MATERIAL SUPPLIED: Begin
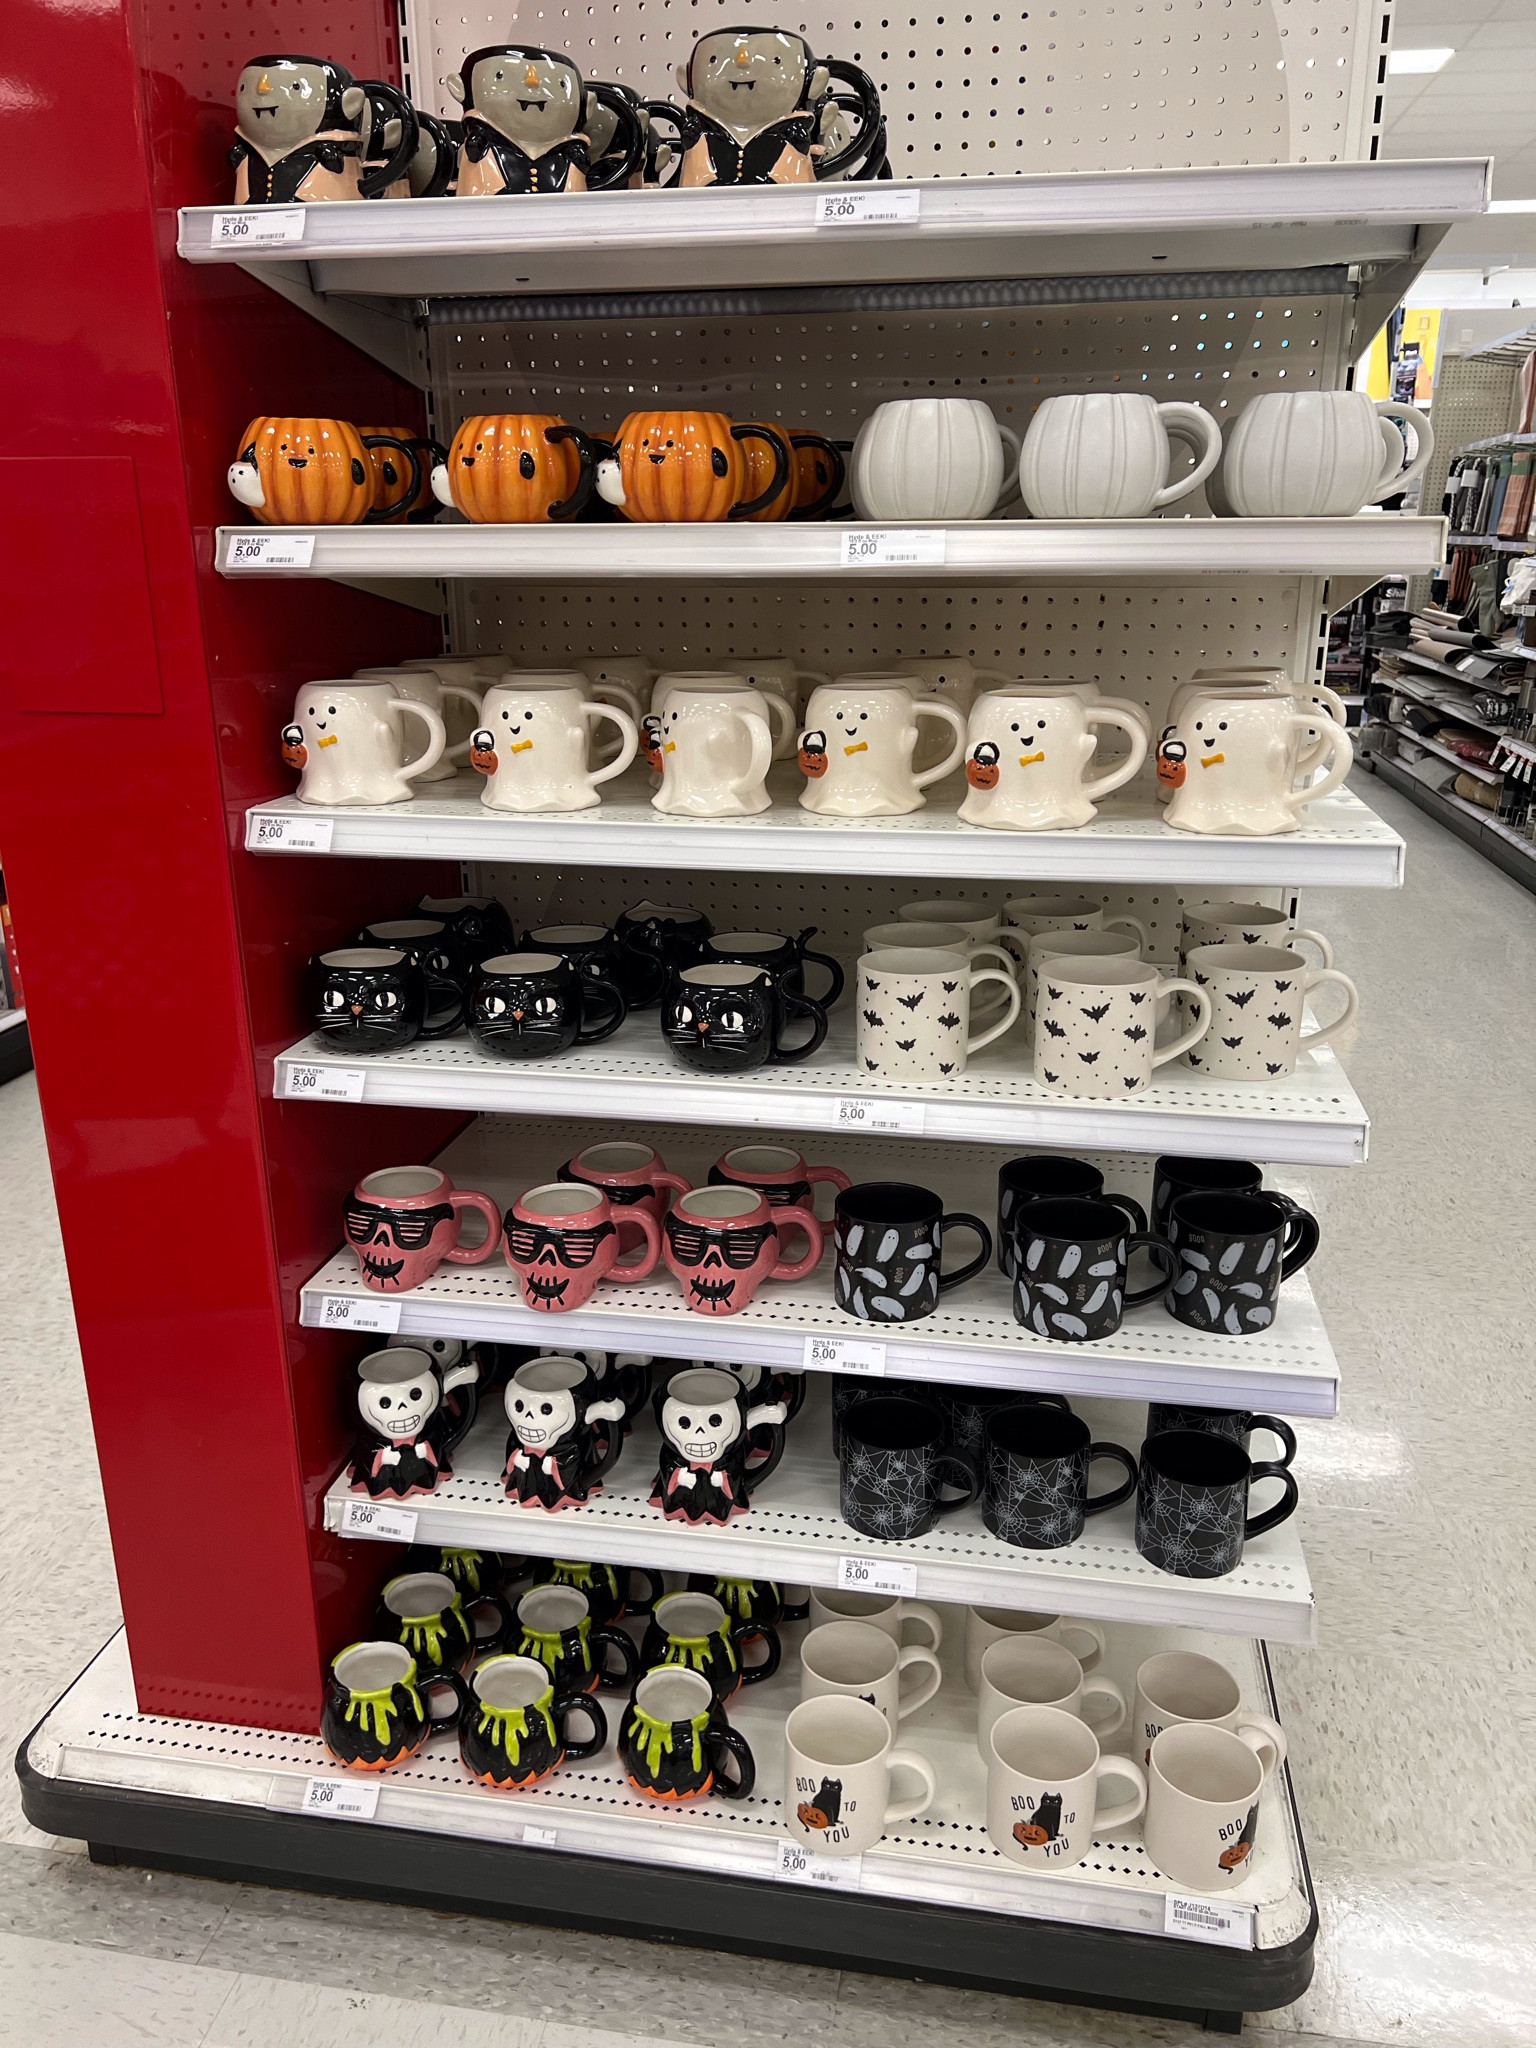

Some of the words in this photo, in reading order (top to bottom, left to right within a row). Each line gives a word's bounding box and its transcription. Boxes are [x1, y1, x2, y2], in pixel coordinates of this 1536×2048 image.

[825, 205, 855, 216] 5.00
[222, 225, 248, 236] 5.00
[235, 546, 261, 556] 5.00
[849, 543, 877, 555] 5.00
[259, 827, 282, 837] 5.00
[293, 1075, 316, 1086] 5.00
[840, 1108, 865, 1119] 5.00
[327, 1307, 348, 1317] 5.00
[812, 1348, 836, 1359] 5.00
[351, 1511, 372, 1523] 5.00
[846, 1568, 868, 1579] 5.00
[796, 1777, 816, 1792] BOO
[311, 1790, 333, 1801] 5.00
[844, 1801, 856, 1812] TO
[1011, 1796, 1035, 1810] BOO
[1064, 1812, 1075, 1824] TO
[823, 1826, 850, 1843] YOU
[1219, 1819, 1242, 1840] BOO
[1044, 1838, 1069, 1857] YOU
[783, 1856, 806, 1870] 5.00
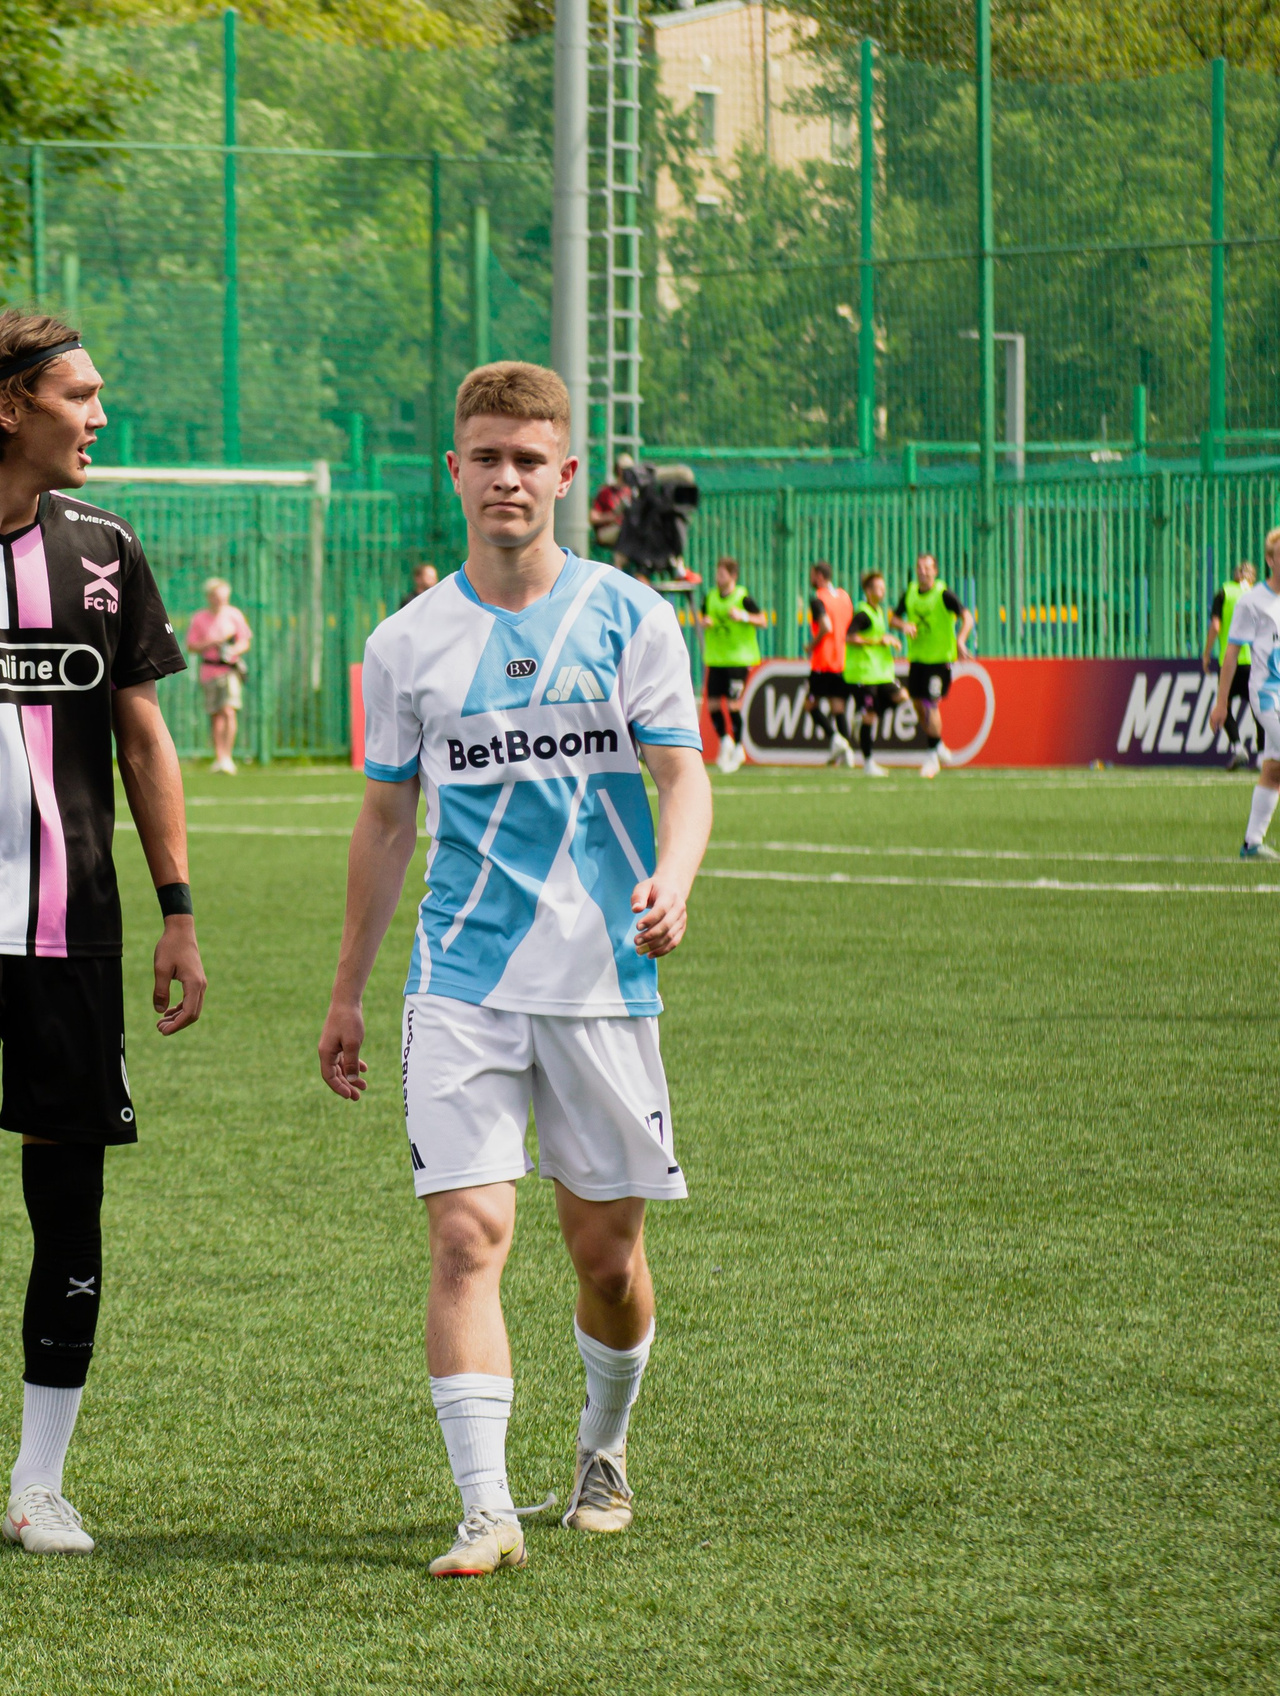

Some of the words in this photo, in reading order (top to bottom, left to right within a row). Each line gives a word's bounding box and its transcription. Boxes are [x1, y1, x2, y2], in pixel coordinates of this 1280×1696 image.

[80, 514, 132, 543] МЕГАФОН
[84, 597, 105, 610] FC
[107, 599, 118, 614] 10
[447, 729, 618, 772] BetBoom
MATERIAL SUPPLIED: End
EXERCISE BRIEF: Reproduce every record exactly; images stay out.

SOLVED EXERCISE:
Some of the words in this photo, in reading order (top to bottom, left to right within a row). Each line gives a word's bounding box and its transcription. Boxes are [x1, y1, x2, y2], in pixel coordinates of this 1536×2048 image.

[825, 205, 855, 216] 5.00
[222, 225, 248, 236] 5.00
[235, 546, 261, 556] 5.00
[849, 543, 877, 555] 5.00
[259, 827, 282, 837] 5.00
[293, 1075, 316, 1086] 5.00
[840, 1108, 865, 1119] 5.00
[327, 1307, 348, 1317] 5.00
[812, 1348, 836, 1359] 5.00
[351, 1511, 372, 1523] 5.00
[846, 1568, 868, 1579] 5.00
[796, 1777, 816, 1792] BOO
[311, 1790, 333, 1801] 5.00
[844, 1801, 856, 1812] TO
[1011, 1796, 1035, 1810] BOO
[1064, 1812, 1075, 1824] TO
[823, 1826, 850, 1843] YOU
[1219, 1819, 1242, 1840] BOO
[1044, 1838, 1069, 1857] YOU
[783, 1856, 806, 1870] 5.00

Some of the words in this photo, in reading order (top to bottom, left to right within a row). Each line gives a word's bounding box and its transcription. Boxes are [x1, y1, x2, y2], in pixel coordinates of this 1280×1696 image.

[80, 514, 132, 543] МЕГАФОН
[84, 597, 105, 610] FC
[107, 599, 118, 614] 10
[447, 729, 618, 772] BetBoom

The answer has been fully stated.